1. Field of the Invention
This invention relates to impactors for the enrichment of aerosol particles and, in particular, to the use of virtual impactors for collecting the enriched aerosol particles.
2. Description of the Related Art
Impactors have been used for collecting aerosol particles for about 50 years now. The stream of gas containing the particles is accelerated towards a receptor plate by jet-forming nozzles in a generator plate. Due to their inertia the particles hit the receptor plate and are collected there whilst the gas deflects to the side. It is easy to realize that only heavy particles are collected whilst particles below a "cutoff threshold" size are conducted away by the stream of gas. A good overview is provided by the book entitled "Cascade Impactor, Sampling and Data Analysis", published by J. P. Lodge, Jr., and T. L. Chan, American Industrial Hygiene Association, Akron, USA (1986).
If the receptor plate, at the point where the particles would hit it, has a hole which will not take the gas stream from the jet, a "virtual impactor" is created. The particles enter the hole whilst the gas stream deflects to the side. Here too there is a "cutoff threshold" for the particles. If there is a chamber under the hole, particles with a size above the cutoff threshold can be collected in the chamber and be conducted away by a much smaller stream of gas. In this way it is possible to concentrate the particles into smaller gas flows. By applying this principle in a number of stages it is possible to achieve very high levels of enrichment where the particle concentration can reach several hundred times the initial concentration. A very good explanation of the principle and a theoretical calculation can be found in "Virtual Impactor: A Theoretical Study" by V. A. Marple and C. M. Chien, Environmental Science and Technology 14, 976 (1980).
For multistage impactors it is necessary to reduce the gas stream from stage to stage. To achieve consistent cutoff thresholds in the individual stages the nozzles and the collection conditions must remain the same from stage to stage. This means that there must be an extremely high number of nozzles in the first stage. The second stage requires far fewer nozzles, whilst the third stage requires only one in the limiting case. Good results with an enrichment of over 200 times can, for example, be achieved with 400 nozzles in the first stage, 20 in the second, and one nozzle in the third stage, in which the stream of air is reduced to about 1/400 in total.
The 400 nozzles in the generator plate of the first stage in the above example, and the corresponding receptor nozzles in the receptor plate, which must be adjusted in relation to one another with an exceptionally high degree of precision, are difficult to manufacture.

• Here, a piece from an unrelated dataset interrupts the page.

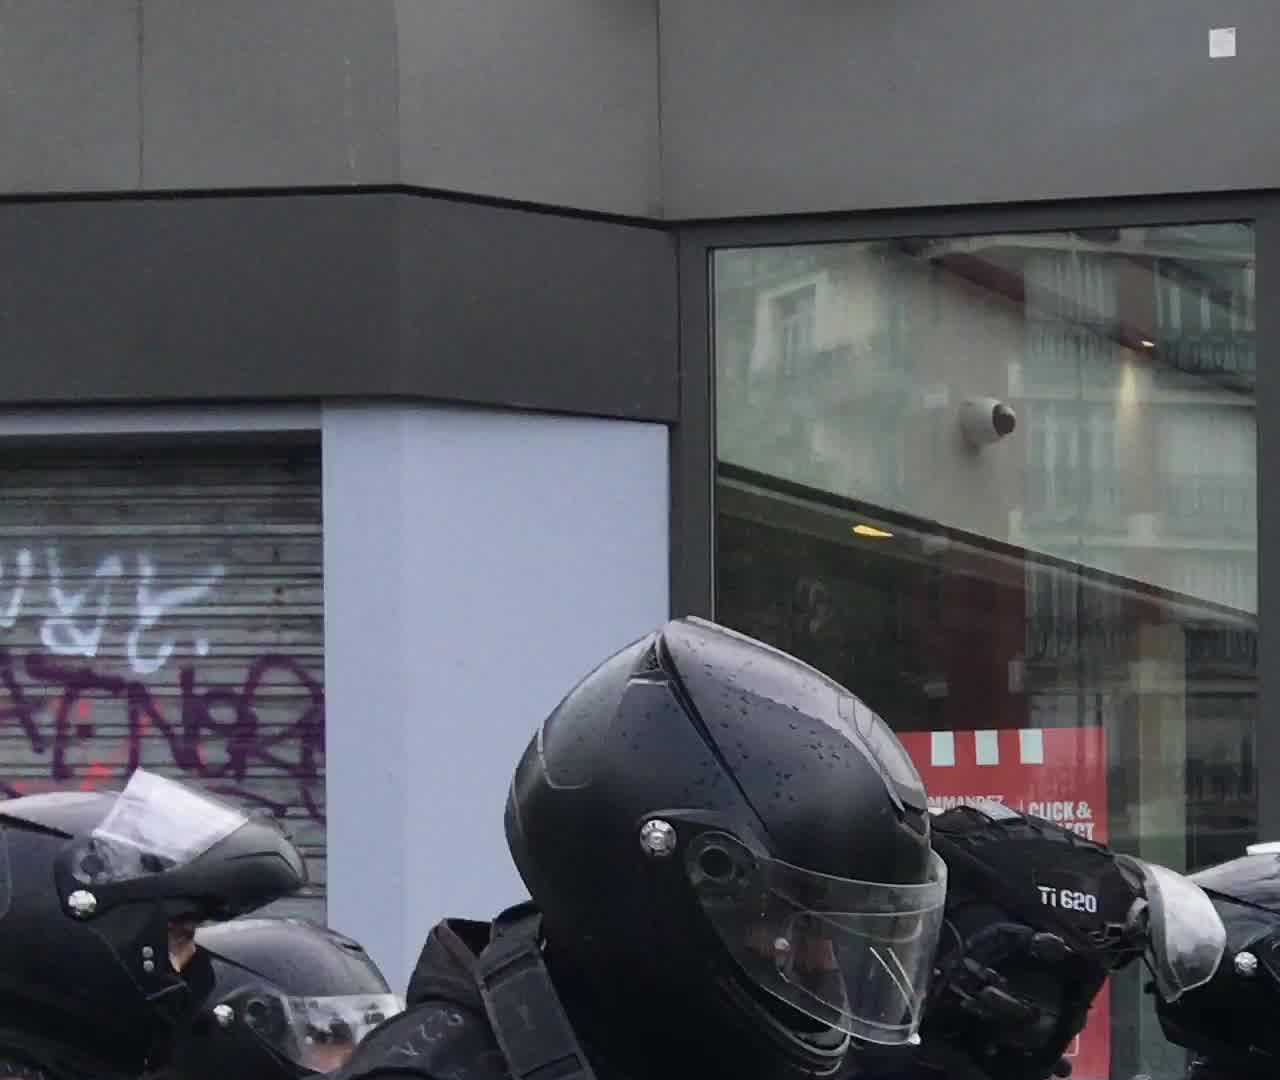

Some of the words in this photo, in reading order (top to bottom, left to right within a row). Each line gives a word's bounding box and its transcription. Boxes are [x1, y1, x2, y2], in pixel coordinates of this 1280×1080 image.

Cleaning between operating phases is also difficult. Consequently, attempts have been made to replace the large number of circular individual nozzles by a single rectangular slit. A discussion of the properties can be found in a paper "Calibration of a High-Volume, Rectangular-Jet Virtual Impactor", T. J. Overcamp and D. E. Taylor, in "Aerosols In the Mining and Industrial Work Environments", Volume 3, published by V. A. Marple and B. Y. H. Liu, Ann Arbor Science, Butterworth Ltd, Sevenoaks, UK (1983).
A significant disadvantage of known slit-type nozzles is that the ends of the slit cause the impactor to operate with a high degree of instability. Also, in the vicinity of the end of the slit it is difficult to maintain the same cutoff limit which the rest of the slit produces. One proposal which has been made for overcoming the difficulty is to make the ends of the slit roughly heart-shaped (the slit is then roughly bone-shaped). However, this makes production and adjustment difficult. Furthermore, collection of particles in the impactor chamber causes difficulties with a long slit because the feed to the next stage becomes difficult and many particles tend to cling to the wall of the chamber. Having a number of short slits increases the problems at the ends of the slits.